I think a stronger argument is that there are a lot of tools for generating CSS out there. I just think from a pure usability standpoint it would be easier on the development side to have a much more stripped down thing like CSS, that’s very much not CSS. I have more faith in people to learn new things.

It’s not really a question of new syntax. That would be excessive (and imo, a problem of the JUCE module format, where they use their own configuration syntax embedded in the header files rather than something like a yaml file in the root module directory). Not to mention any discussion would be pure bikeshedding.

But regardless I think layout information would be extremely difficult if not impossible to have layout information incorporated into something like CSS for JUCE, at least for existing projects. I know a lot of my layout code for custom components gets complex, and I’m not touching that any time soon for fear of breakage.

IMHO this is the strongest argument to leave it to a layout/colouring engine. Why fixing bugs in 100 products, when you can fix it in one engine?

IMHO this is the strongest argument to leave it to a layout/colouring engine.
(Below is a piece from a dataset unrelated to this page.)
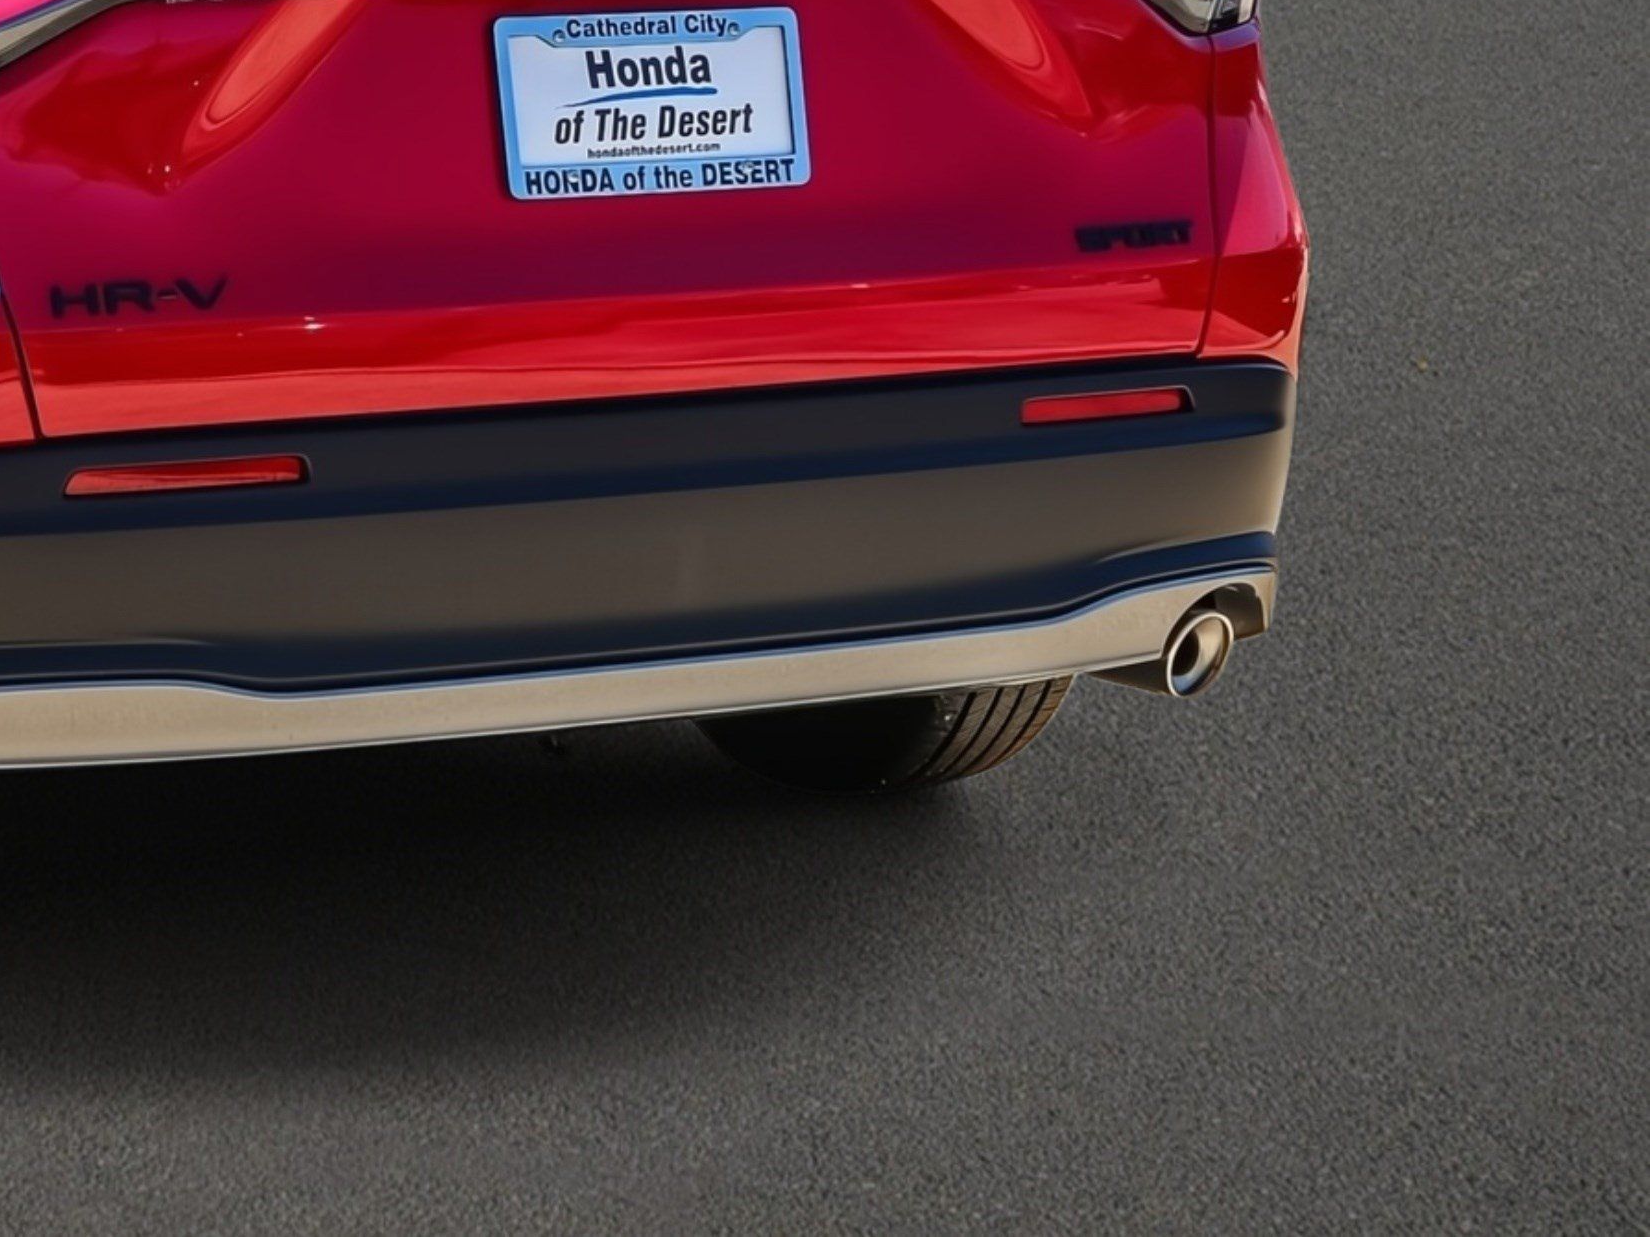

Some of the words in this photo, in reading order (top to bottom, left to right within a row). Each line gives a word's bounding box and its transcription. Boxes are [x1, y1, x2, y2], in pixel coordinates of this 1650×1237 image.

Why fixing bugs in 100 products, when you can fix it in one engine?

I agree with you 100%, but the issue for me is twofold.

The first is I don’t like the idea of more crap happening at runtime that is fundamentally a compile time constant. Is there such a thing as a compile-time CSS engine? I wouldn’t want to debug that template magic.

The second is that I think in terms of minimum viable product shipping a styling system without layout is much easier and would be much more straightforward to integrate into existing projects that we all have to maintain. Any movement on a layout engine would fundamentally change how we write JUCE GUIs, probably for the better, but there is lot of friction down that road. I don’t like arguing in favor of backwards compatibility, but it’s something I’m concerned with in my own code.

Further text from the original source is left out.